Overview
You may have noticed some alarms related to an STP node being down. The problem occurs when /var reaches 100% on disk space. On syslog, you may find these two errors:
-
Audit daemon is low on disk space for logging
-
The audit daemon is now halting the system
Solution
The audit daemon is low on disk space for logging because the /var file system does not have enough free space. The audit daemon is halting the server because of this. You may start by removing unwanted files from this partition to free up some space.
The audit daemon is probably flooding the /var/log/messages file, consuming space on the /var partition, and leading to the issue. If that is the case, stop the audit service temporarily in all the servers to prevent it from shutting down any new node. For that, run the following commands as root:
systemctl stop auditd
systemctl disable auditd
Please note that no alarm is raised for the low disk space issue once it reaches a critical threshold. That must be done at the OS level, and the application does not manage OS traps. In case you want to create the OS trap manually, please follow these steps:
- Update /etc/sysconfig/snmpd as follows:
OPTIONS="-Ln -I -smux -p /var/run/snmpd.pid -c /etc/snmp/snmpd.conf udp:11114 udp:161"

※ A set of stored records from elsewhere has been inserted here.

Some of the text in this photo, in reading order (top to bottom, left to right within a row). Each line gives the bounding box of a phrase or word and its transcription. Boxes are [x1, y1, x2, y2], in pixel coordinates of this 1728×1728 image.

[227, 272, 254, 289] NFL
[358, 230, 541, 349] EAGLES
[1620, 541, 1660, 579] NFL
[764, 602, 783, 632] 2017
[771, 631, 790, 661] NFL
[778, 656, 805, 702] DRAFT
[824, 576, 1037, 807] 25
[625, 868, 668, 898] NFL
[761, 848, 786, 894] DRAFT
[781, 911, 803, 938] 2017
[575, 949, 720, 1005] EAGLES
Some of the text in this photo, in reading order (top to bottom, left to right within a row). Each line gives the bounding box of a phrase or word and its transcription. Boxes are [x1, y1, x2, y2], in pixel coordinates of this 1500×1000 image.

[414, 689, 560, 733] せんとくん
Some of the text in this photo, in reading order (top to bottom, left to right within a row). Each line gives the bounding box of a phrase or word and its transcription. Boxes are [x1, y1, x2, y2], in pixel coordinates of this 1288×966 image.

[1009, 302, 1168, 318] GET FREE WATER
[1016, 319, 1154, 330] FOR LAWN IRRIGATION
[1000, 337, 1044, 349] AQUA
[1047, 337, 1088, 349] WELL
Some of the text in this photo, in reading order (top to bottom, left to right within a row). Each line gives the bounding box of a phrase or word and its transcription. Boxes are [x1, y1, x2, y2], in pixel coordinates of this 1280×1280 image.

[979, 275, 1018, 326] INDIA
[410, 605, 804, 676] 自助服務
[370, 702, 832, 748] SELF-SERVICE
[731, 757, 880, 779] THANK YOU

- Edit /etc/sysconfig/snmptrapd as follows:
OPTIONS=-Lsd -m ALL -F "%02.2h:%02.2j:%02.2k TRAP%w.%q %v from %B" 11173 162
- Make sure of the disableAuthorization value on /etc/snmp/snmptrapd.conf
disableAuthorization yes
- Edit the /etc/snmp/snmpd.conf file as follows, so the traps do not appear only in the /var/log/messages file in the localhost (replace [remote_IP_address] with the IP of the node where the trap should be sent and set the threshold to the desired value):
########################################################################### snmpd.conf ########################################################################### rocommunity public rwcommunity private syslocation test syscontact mbalance sysservices 78 trapsink 127.0.0.1 public trapcommunity public authtrapenable 1 createUser internal MD5 "snmp1234" iquerySecName internal rouser internal defaultMonitors yes monitor -r 1 -u internal -o dskErrorMsg "Disk Usage Error" dskErrorFlag != 0 trap2sink [remote_IP_address] public 162 includeAllDisks 70% (The value that you want)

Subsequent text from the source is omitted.